2009/05/31

Star Trek: Countdown (5)

J.J. エイブラムズが指揮を執る新『スター・トレック』の前日談である『Star Trek: Countdown』は、プロの仕事というよりファン・ノベルの程度といったほうが似合うくらいにいい加減で荒っぽい設定が頻出し、おなじみのキャラクターの「その後」についても納得のいかない展開があるという、ちょっと困ったコミックなのである。

とはいえ、本書で語られたバック・ストーリーは、映画本編中では台詞でちゃちゃっと説明されるだけだと考えられるので、Star Trek 好きならば、一応、映画本編とワン・セットだと考えて目を通しておくのが良いだろう。

ネロとスポックの因縁。ロミュランが壊滅したこと。
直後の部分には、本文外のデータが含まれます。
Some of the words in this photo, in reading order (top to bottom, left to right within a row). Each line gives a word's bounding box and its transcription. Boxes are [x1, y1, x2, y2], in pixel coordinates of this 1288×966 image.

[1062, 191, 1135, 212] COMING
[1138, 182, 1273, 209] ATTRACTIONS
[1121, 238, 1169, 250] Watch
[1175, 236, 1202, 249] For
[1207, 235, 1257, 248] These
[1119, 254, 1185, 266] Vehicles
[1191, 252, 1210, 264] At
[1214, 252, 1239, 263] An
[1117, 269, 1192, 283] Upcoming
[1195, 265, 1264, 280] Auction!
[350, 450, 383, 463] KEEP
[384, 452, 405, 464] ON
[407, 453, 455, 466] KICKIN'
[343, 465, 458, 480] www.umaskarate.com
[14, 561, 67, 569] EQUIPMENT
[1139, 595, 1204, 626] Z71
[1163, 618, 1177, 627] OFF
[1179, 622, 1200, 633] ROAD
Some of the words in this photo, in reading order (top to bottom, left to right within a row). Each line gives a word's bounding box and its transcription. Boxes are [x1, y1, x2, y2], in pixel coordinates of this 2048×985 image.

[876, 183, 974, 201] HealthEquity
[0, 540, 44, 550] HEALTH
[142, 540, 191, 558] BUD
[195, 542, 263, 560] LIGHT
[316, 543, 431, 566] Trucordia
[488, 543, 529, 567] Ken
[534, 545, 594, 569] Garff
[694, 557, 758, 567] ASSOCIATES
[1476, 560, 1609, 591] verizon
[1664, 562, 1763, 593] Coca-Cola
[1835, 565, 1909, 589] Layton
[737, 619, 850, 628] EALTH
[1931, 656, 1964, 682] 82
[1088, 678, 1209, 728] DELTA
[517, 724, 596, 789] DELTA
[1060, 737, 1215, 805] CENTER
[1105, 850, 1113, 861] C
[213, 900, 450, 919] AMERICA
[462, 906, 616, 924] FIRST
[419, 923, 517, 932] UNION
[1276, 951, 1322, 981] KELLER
ロミュラン人が喪に服す習慣として剃髪し、模様を描くこと(ネロたちは決して消えない悲しみゆえに刺青を彫った)。ネロの船はもともと鉱物の採掘船であること。その採掘船が24世紀に遭遇したある種族の技術によって改造を施され、恐るべき戦艦へと変貌を遂げたこと。

これらのことの説明は、全てこのコミックの中にある。

また、本書の内容を不愉快に感じたとするなら、おそらく、映画本編ではもっと不愉快な気分を味わうことになるに違いあるまい、、、といういう意味でも、心の準備になる一冊でもあるだろう。

ともかく、今度の映画は全く新しい仕切りなおしであると同時に、これまでの世界との接点を「時間改変によるパラレルワールド」というかたちで残し、従来ファンに対する配慮をしたかたちになっているということは明白な事実といえるだろう。(終)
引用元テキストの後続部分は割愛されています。